Images for object localization:
BEGIN
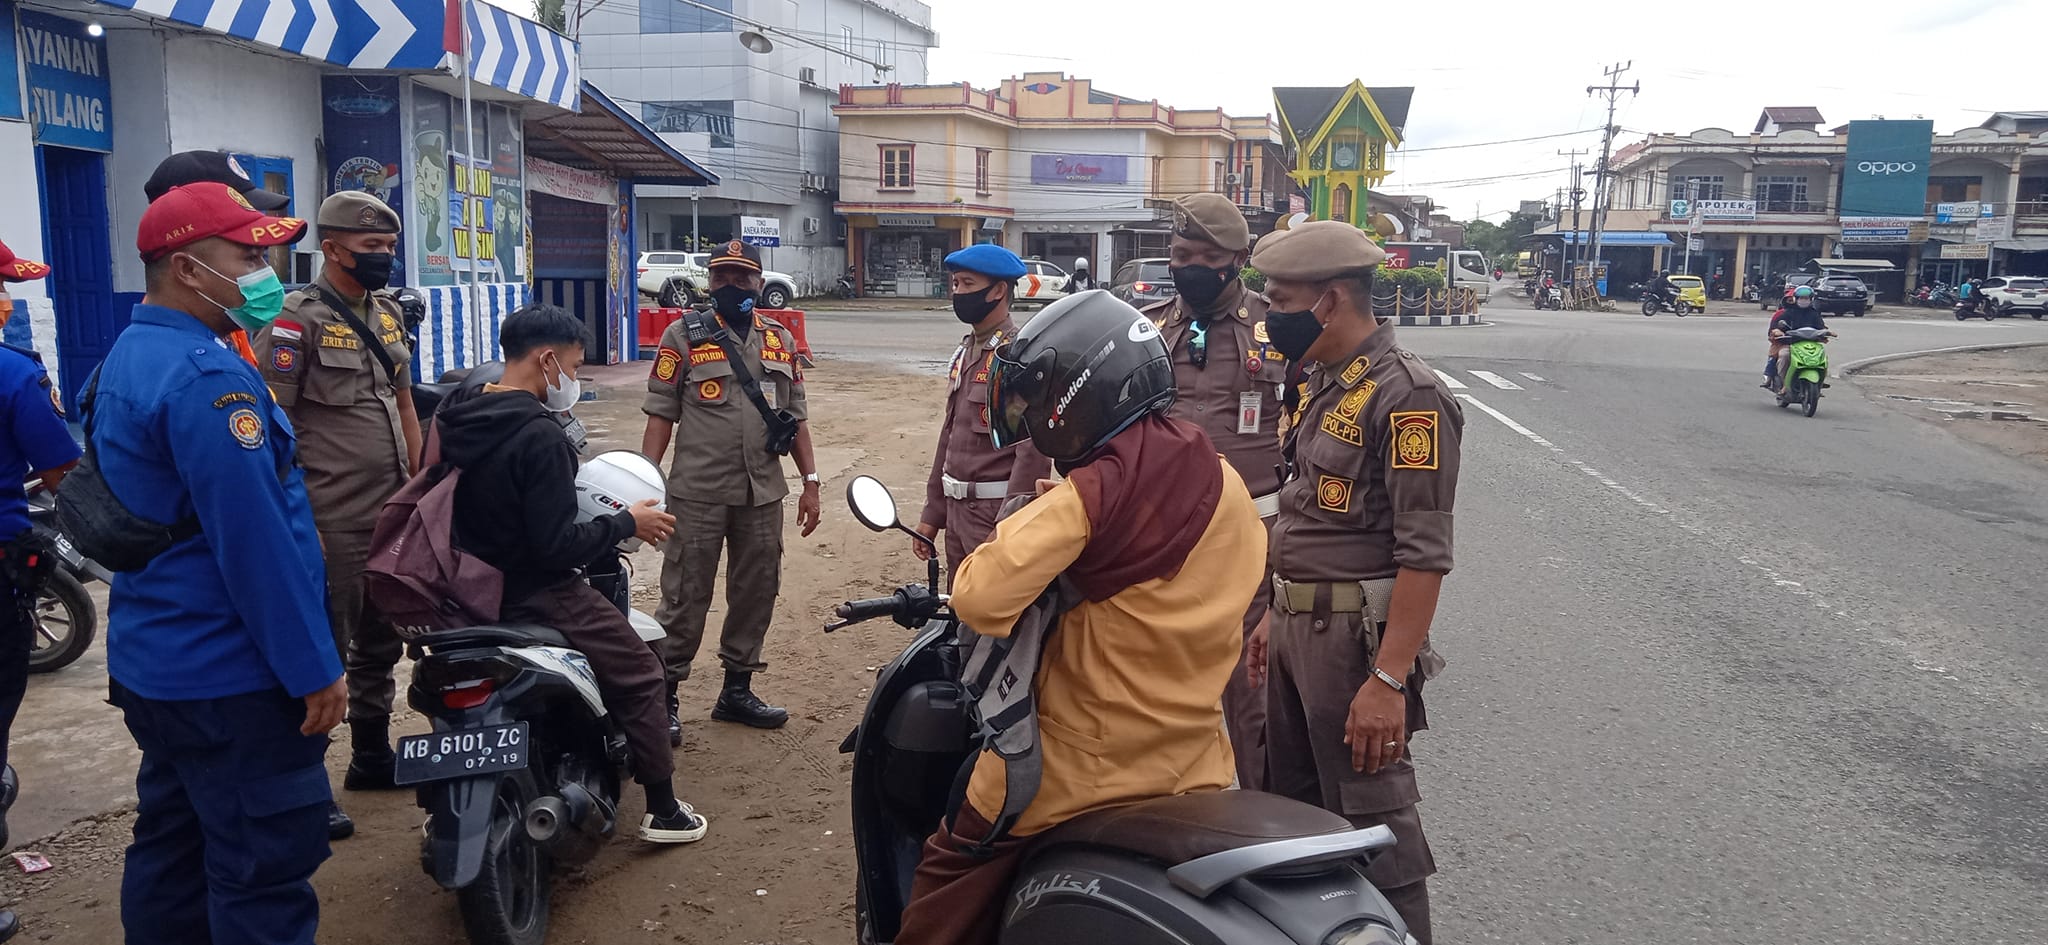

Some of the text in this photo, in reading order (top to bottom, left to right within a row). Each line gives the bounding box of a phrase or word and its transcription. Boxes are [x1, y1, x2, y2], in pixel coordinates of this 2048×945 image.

[32, 87, 104, 132] TILANG
[463, 197, 484, 228] AA
[1696, 201, 1746, 209] APOTEK
[743, 226, 760, 234] ANEKA
[453, 227, 494, 261] VASIN
[762, 350, 791, 362] POL PP
[1324, 417, 1359, 441] POL-PP
[598, 495, 625, 511] GM
[403, 728, 521, 759] KB 6101 ZC
[1010, 873, 1101, 922] Stylish
[1319, 888, 1358, 901] HONDA
END
■ Directions for this task ■
Text only, no pictures: copy every entry exactly.

■ Answer for this exercise ■
Some of the text in this photo, in reading order (top to bottom, left to right within a row). Each line gives the bounding box of a phrase or word and its transcription. Boxes are [x1, y1, x2, y2], in pixel coordinates of this 2048×945 image.

[32, 87, 104, 132] TILANG
[463, 197, 484, 228] AA
[1696, 201, 1746, 209] APOTEK
[743, 226, 760, 234] ANEKA
[453, 227, 494, 261] VASIN
[762, 350, 791, 362] POL PP
[1324, 417, 1359, 441] POL-PP
[598, 495, 625, 511] GM
[403, 728, 521, 759] KB 6101 ZC
[1010, 873, 1101, 922] Stylish
[1319, 888, 1358, 901] HONDA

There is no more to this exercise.